I found myself today at Oddmall: Emporium of the Weird

It is a regular event in Akron, in which all sorts of weird people gather to be weird together. There is comic book weird, cosplay weird, anime weird, Halloween weird, gender-bender weird, science fiction weird, Lovecraft weird — everyone just embraces their own weirdness and avoids judging everyone else’s weirdness. It is a cool thing. 

My wife goes to sell jewelry. My kid goes to see her cosplaying friends. I go to find weird fiction. 

This week, though, I returned to the world of mundane employment, and it has derailed my fiction writing routine a bit. So I took my iPad to Oddmall, and figured I could find a quiet spot to sit and write for a spell when I wasn’t minding the jewelry stand or plucking up horror and science fiction novels.

Well, it wasn’t easy to write in that environment. There was some kind of magic show on stage at the John S. Knight Convention Center, the occasional Boba Fett sighting and people whose costumes beeped and blipped. The costumed throngs were a distraction, and most of the younger folks were having much louder fun than I was.

It was all too distracting to allow a fresh current of fiction to flow, but I was able to read what I already had written and edit that.
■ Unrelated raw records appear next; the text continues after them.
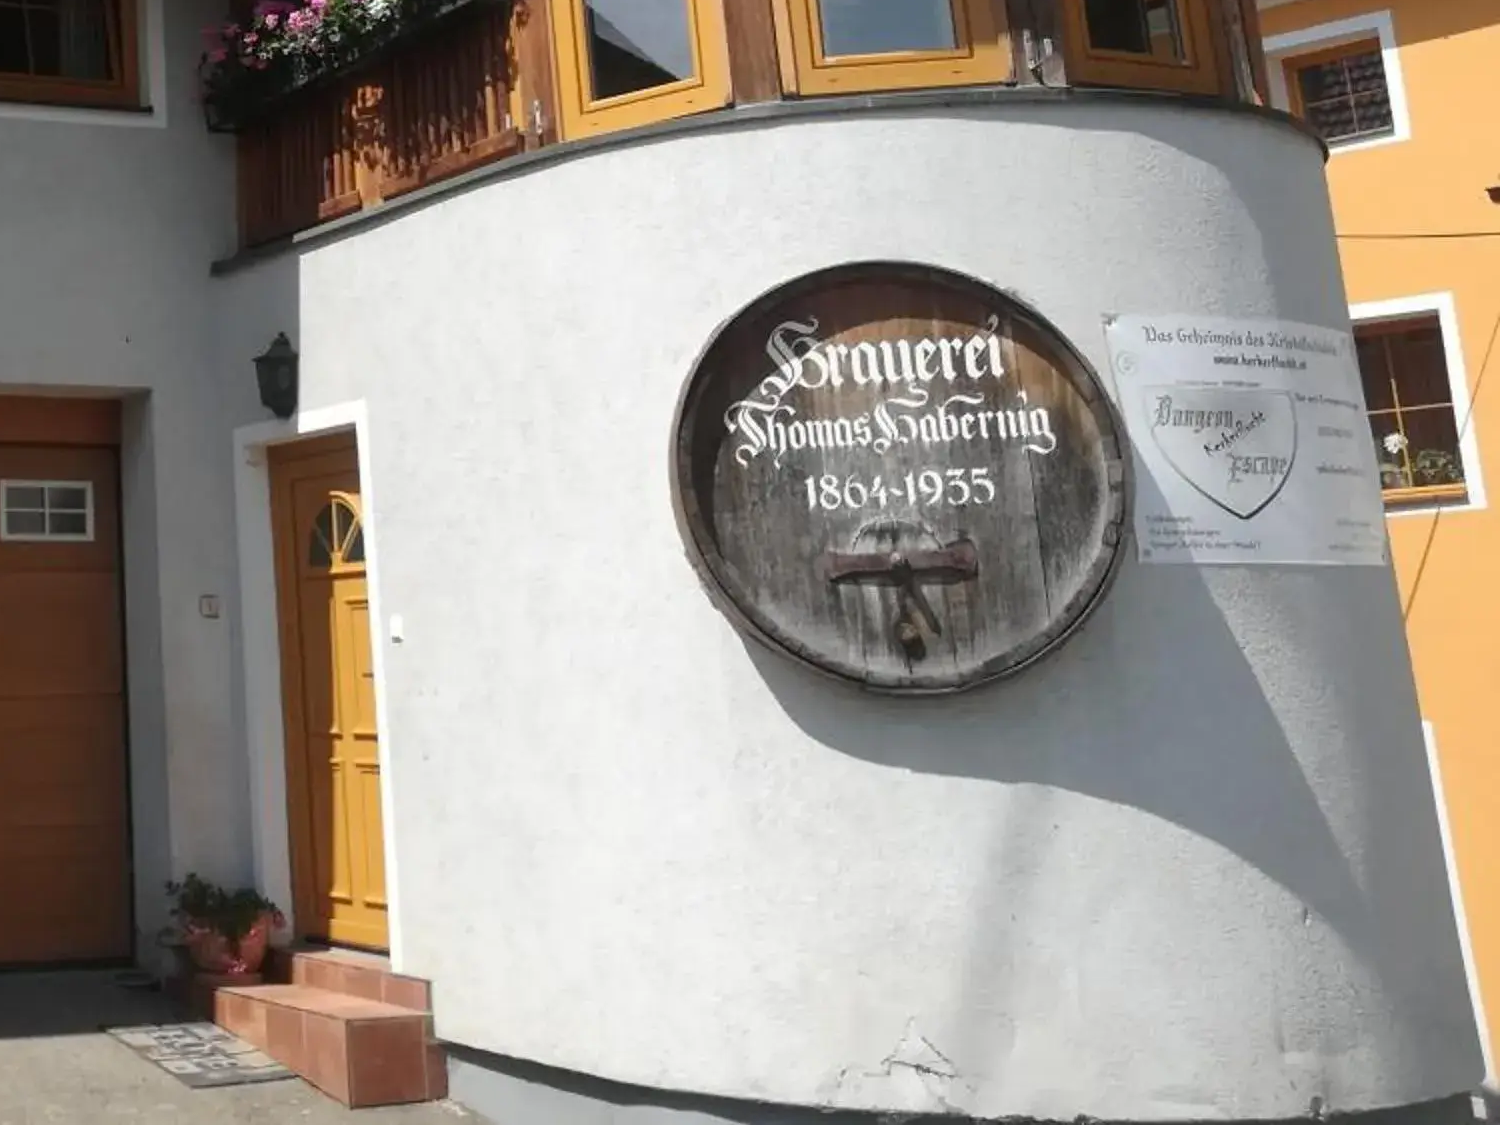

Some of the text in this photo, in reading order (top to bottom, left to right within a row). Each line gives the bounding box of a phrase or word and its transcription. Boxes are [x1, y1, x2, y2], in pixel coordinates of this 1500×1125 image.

[760, 315, 1005, 397] Brauerei
[1142, 325, 1173, 344] Das
[1177, 327, 1243, 349] Geheimnis
[1245, 331, 1265, 347] des
[724, 383, 1057, 469] Thomas Habernig
[1155, 394, 1234, 434] Dungeon
[804, 467, 996, 511] 1864-1935
[1227, 452, 1288, 486] Escape
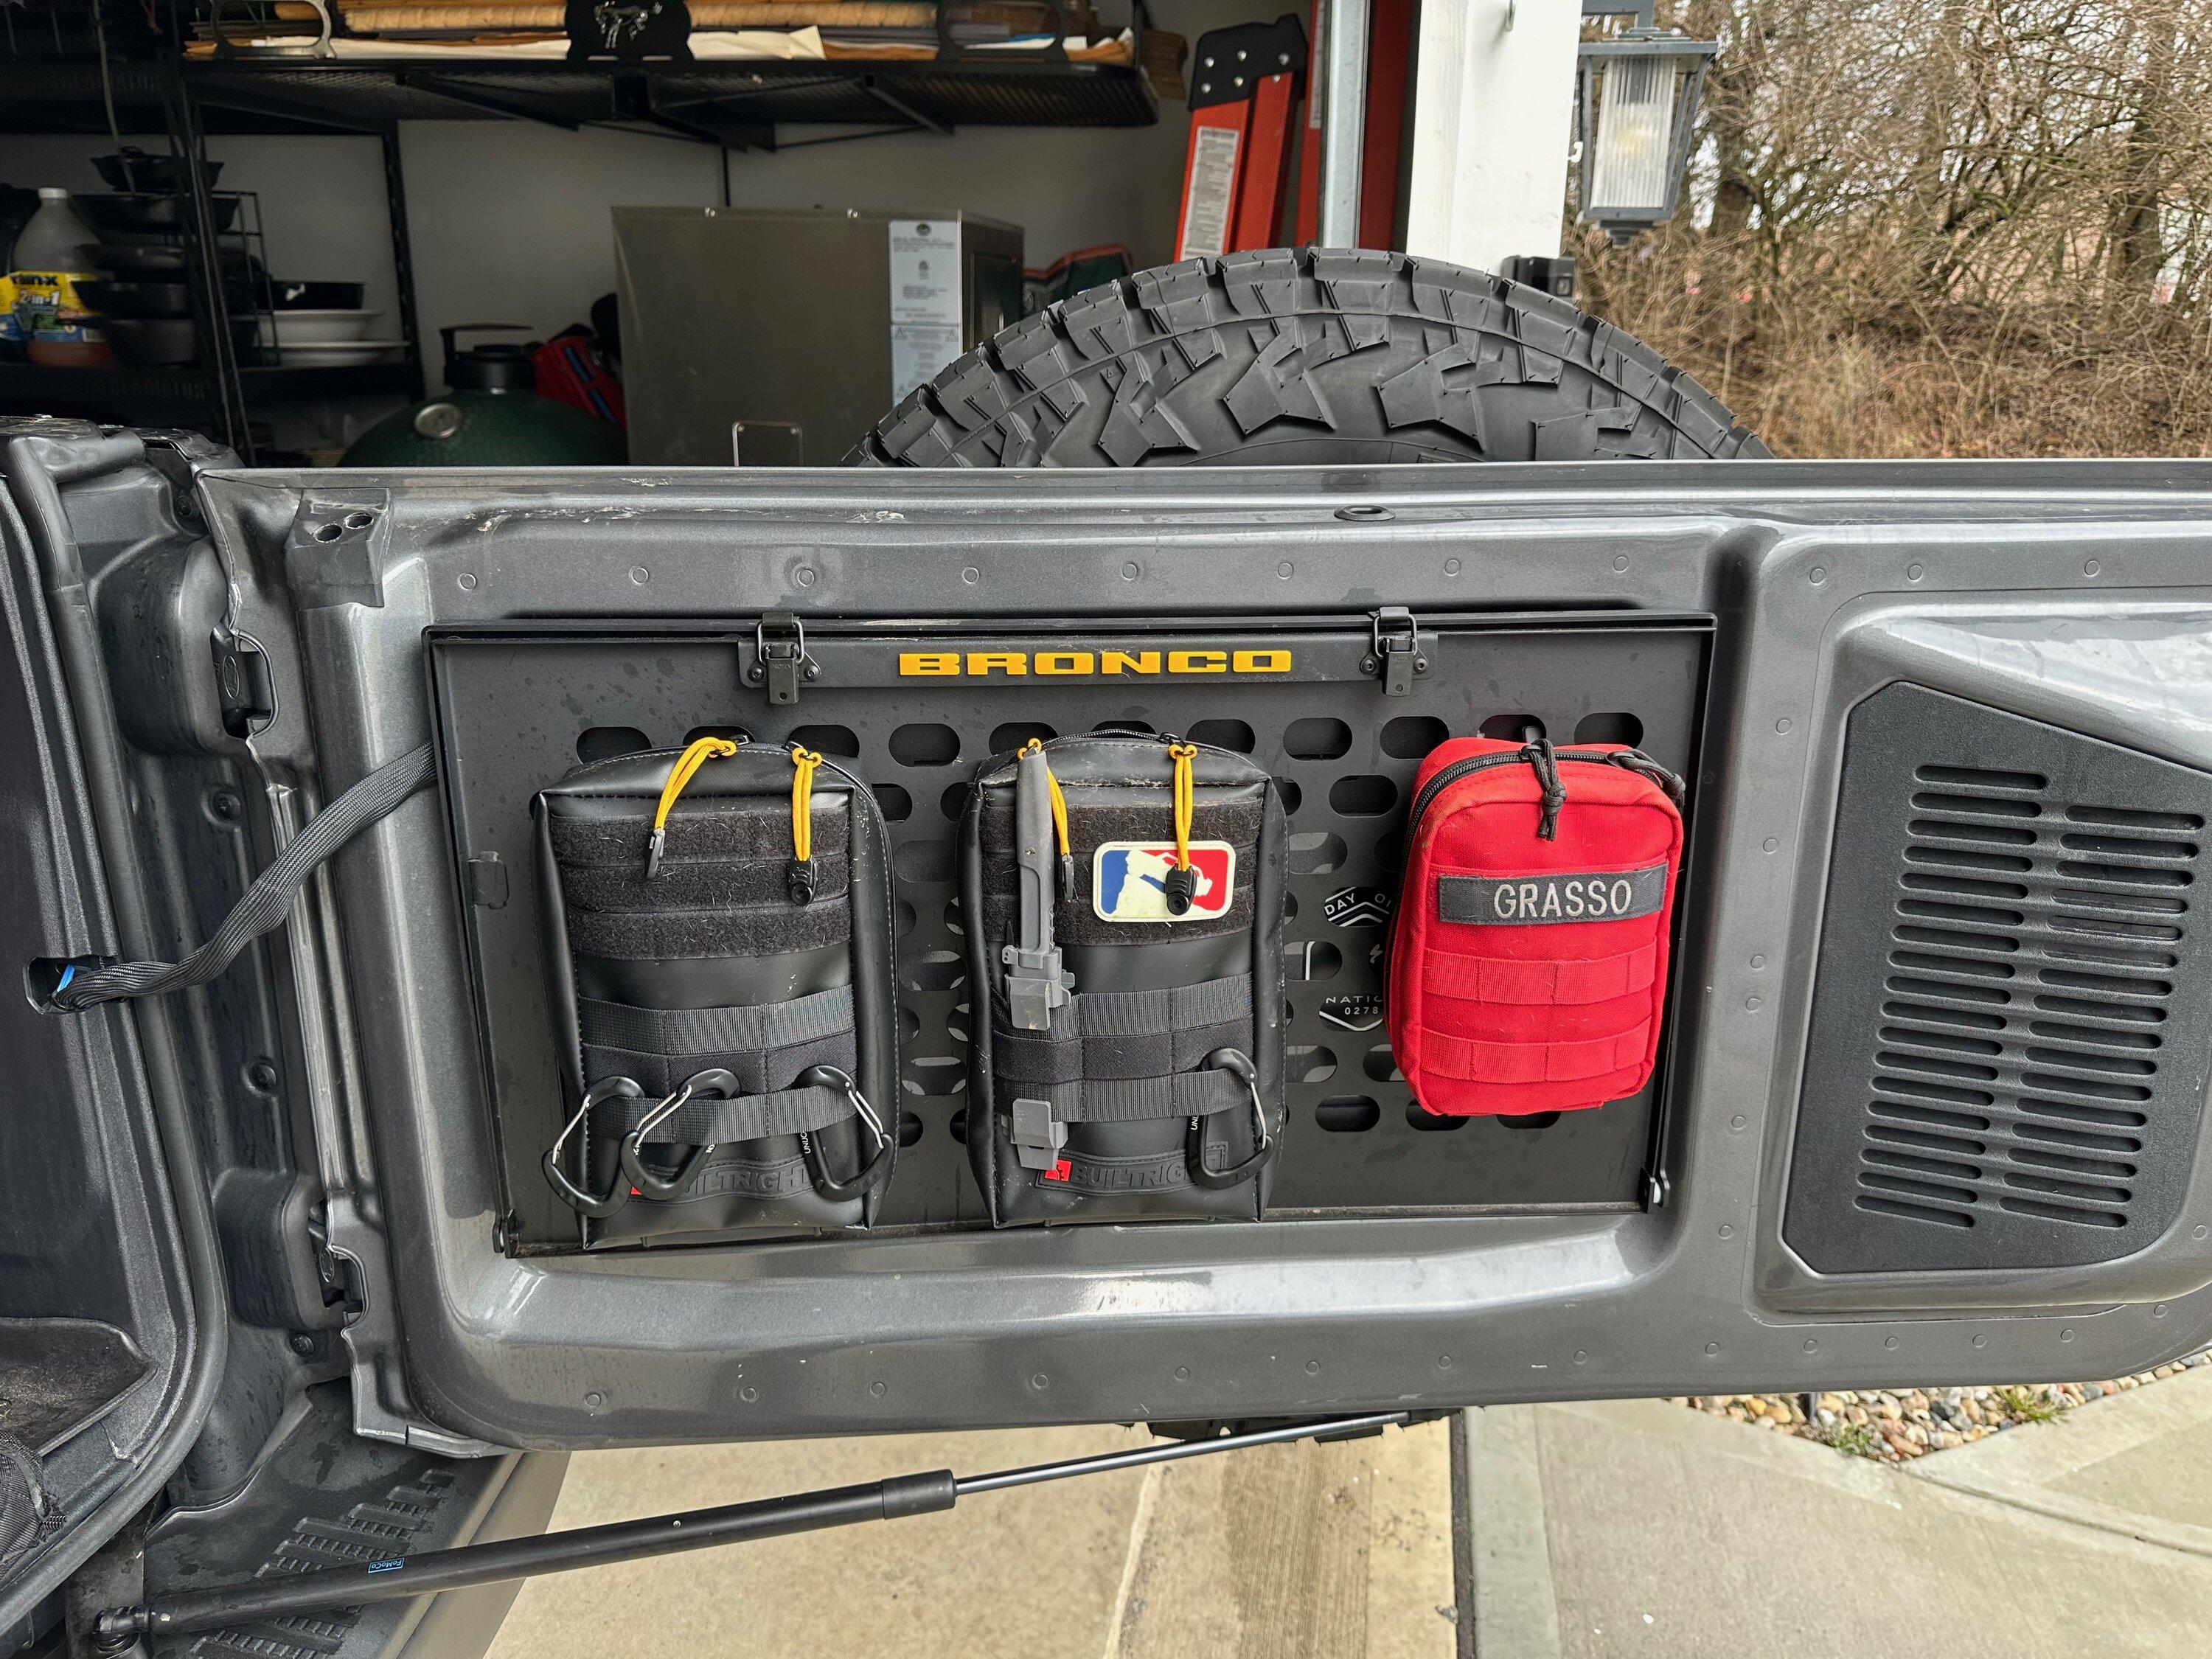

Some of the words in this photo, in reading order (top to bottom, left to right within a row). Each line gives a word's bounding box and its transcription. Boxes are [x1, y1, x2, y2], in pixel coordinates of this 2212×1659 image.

[899, 650, 1292, 675] BRONCO
[1324, 893, 1354, 916] DAY
[1494, 880, 1632, 919] GRASSO
[1344, 1006, 1378, 1015] 0278
[371, 1559, 403, 1569] FoMoCo
I also added details, new dialogue and descriptive passages in small doses throughout the existing 7,000 words — and ended with an additional 1,000 words even though I didn’t venture into a new chapter.

Writing got done, even though I was sleepy and distracted.

I mention all this to point out that small steps eventually get you where you want to go, even if you have to step over stuff. The novel I am trying to sell now, a mystery-thriller called “The Bloody Black Flag,” was written largely in doses of 1,000 to 2,000 words. Most of that was done in the wee hours after my wife and daughter had gone to bed, and I squeezed in as much writing as I could before I started getting sleepy, too. Most times, a thousand words or so was about all I could muster. Sometimes, it was a few hundred. But all of those small doses of writing resulted in a novel.

So, if you are among those who wants to write but can’t find the time because you need to earn a paycheck, mow the lawn, walk the dogs, go to Oddmall, pull a gerbil out of the garbage disposal — whatever distracts you — I am here to say write anyway. Write anyway, even if you get only one good solid sentence. Write anyway, even if you aren’t feeling inspired and figure you’ll have to edit it later. Write anyway, even if time allows you only a dozen words.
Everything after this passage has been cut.